The UK’s newly minted chancellor of the exchequer, Kwasi Kwarteng, presented his maiden mini-budget, the “Growth Plan”, on September 23. It was ostensibly designed to give much-needed assistance, via fiscal transfers, to businesses and households negatively affected by an energy price shock. It also included lower taxes for high-income earners and corporates. The intention was to protect the UK economy from the ravages of higher energy prices, and to raise the potential growth rate of the country, still struggling with Brexit drag.
These objectives look reasonable enough, though the ideological foundations of the plan can be debated. However, Kwarteng failed to outline how these tax cuts and new outlays would be financed. Economists immediately calculated that the “Growth Plan” would mean the UK government would have to borrow 1.7% of GDP in the coming fiscal year. This, on top of the planned rollback of central bank balance sheet holdings, implied a material rise in the supply of government bonds.

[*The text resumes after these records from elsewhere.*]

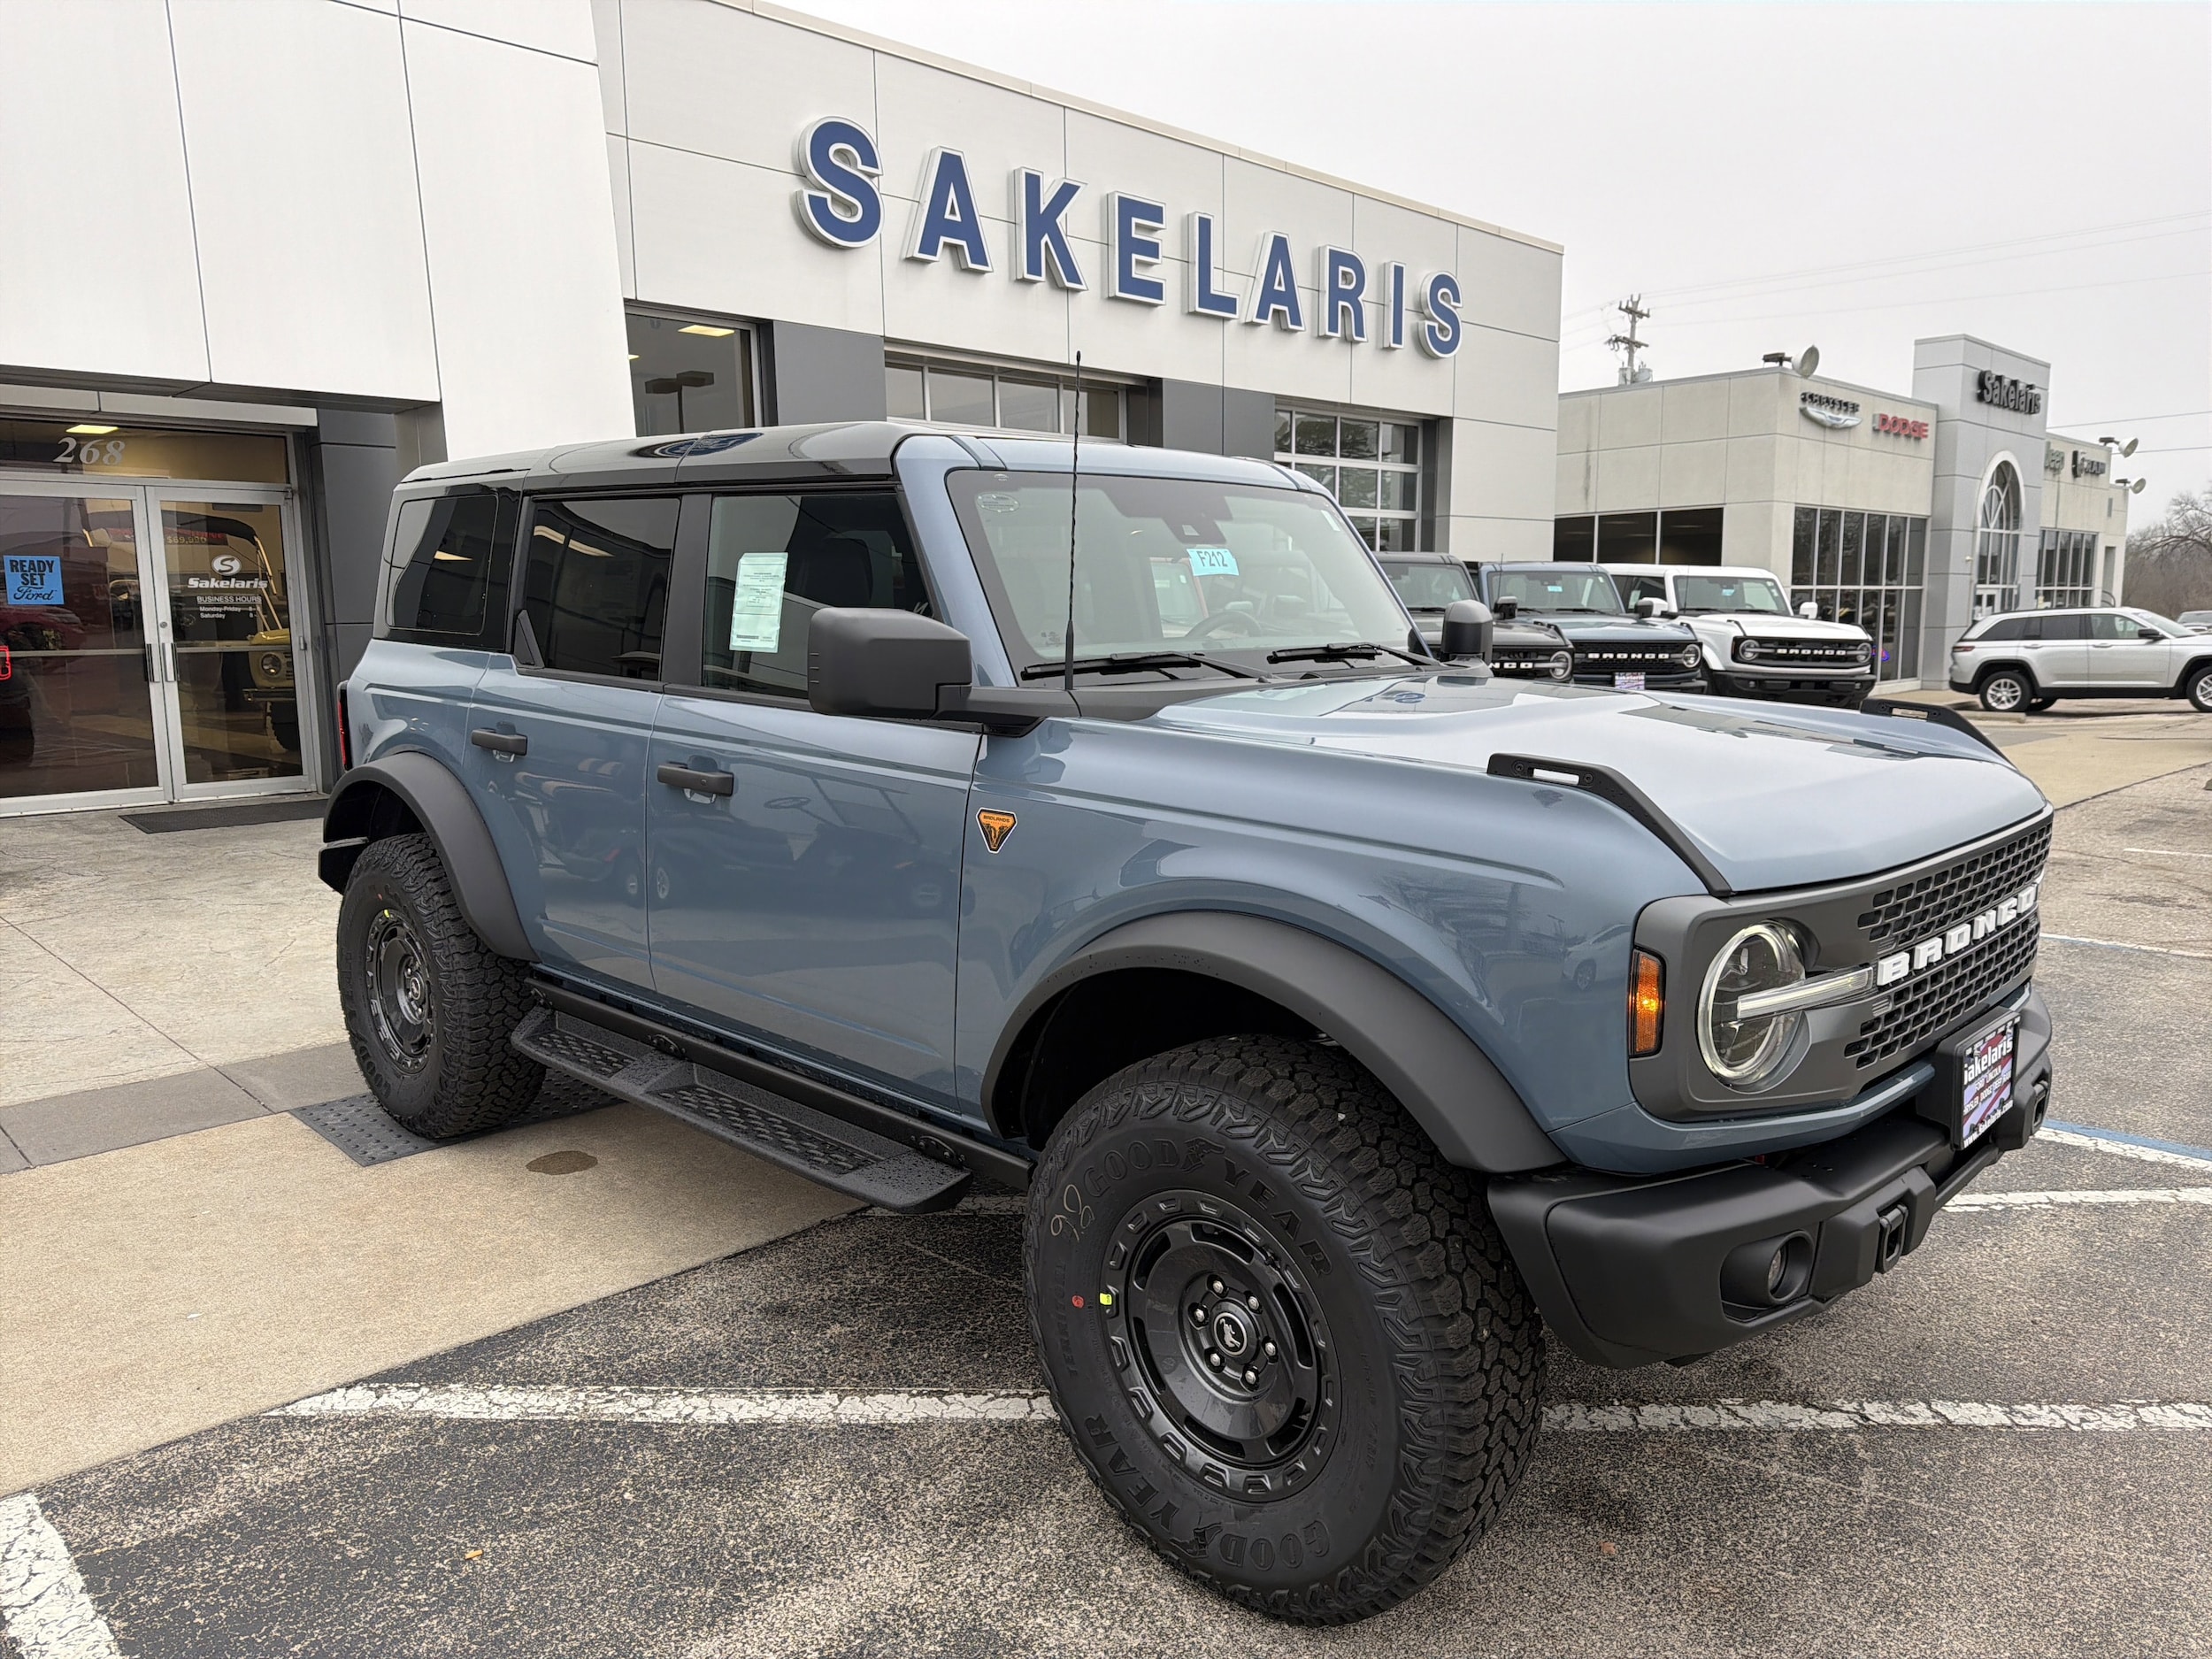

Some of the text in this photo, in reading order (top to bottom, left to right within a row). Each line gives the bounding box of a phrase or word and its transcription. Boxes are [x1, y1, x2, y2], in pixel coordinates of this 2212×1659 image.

[795, 116, 1463, 358] SAKELARIS
[1977, 370, 2042, 415] Sakelaris
[1873, 413, 1930, 440] DODGE
[53, 436, 126, 465] 268
[9, 559, 54, 573] READY
[1196, 550, 1229, 567] F212
[20, 572, 45, 586] SET
[188, 577, 268, 588] Sakelaris
[13, 586, 57, 600] Ford
[1876, 885, 2037, 987] BRONCO

Yields rose, and sterling fell.
This might have been the end of the story, but then came the idiosyncrasies caused by financial engineering. Pension funds found themselves at the receiving end of margin calls on some gilt derivative contracts, which generated a doom loop. Yields moved higher, margin calls increased, and yields moved higher still. Liquidity dried up and the Bank of England had to interfere to restore market function. The 30-year gilt rose more than 150 basis points, the 10-year more than 100bp and the two-year more than 100bp before the Bank of England intervened.
The pound lost more than 7% of its value relative to the dollar over 24 hours and panic spread throughout global financial markets. The BOE, which had been reducing its holdings of gilts since the beginning of the year, has now had to start buying them. The bank did not have a choice. It was either let the market break or intervene. The “Growth Plan” delivered higher inflation, higher borrowing costs, an outraged polity and anything but growth.
Spending pressures
The lesson to take from Kwarteng’s experience is that the current market environment is not one for policy adventurism. The same announcements from the chancellor 18 months ago would have solicited maybe a deep frown from the markets. After all, we were gorging on unrestricted liquidity in a no-inflation environment. Markets must now adjust to overshooting inflation, slimming central bank balance sheets, rapidly rising rates, and an ever-increasing cost of capital. They have little to no tolerance for risk and will clearly punish a lack of orthodoxy harshly.
Which brings us to SA. National Treasury will publish its medium-term budget policy statement, our version of the mini-budget, in three weeks. Revenues are expected to again overrun relative to February estimates. The fiscal deficit should be materially narrower than February estimates, but spending pressures remain high. Upward pressures from public sector wages, support for state-owned entities and social transfers persist. Calls for expansion in expenditure ignore the fact that SA is still on an unsustainable debt path.
Treasury has split the spoils from unexpected corporate taxes almost evenly between the market, via lower borrowing and expanded social support. Yet, the costs of funding barely budged, reflecting that government borrowing remained elevated, fiscal risks high, and appetite for emerging market bonds depressed.
I support policy experimentation and think SA’s challenges can only be solved by doing things differently. However, as we go into the mini-budget, officials must know that the terrain is more hostile than ever before, and that there is little room for adventurism. When the US Federal Reserve hikes rates, markets become fragile, and things break. The gilt market broke. Emerging market bond markets are breaking. We should do our best to safeguard our markets and our economy in these treacherous times. That is an argument for policy conservatism.
• Lijane works in fixed-income sales and strategy at Absa Corporate & Investment Banking.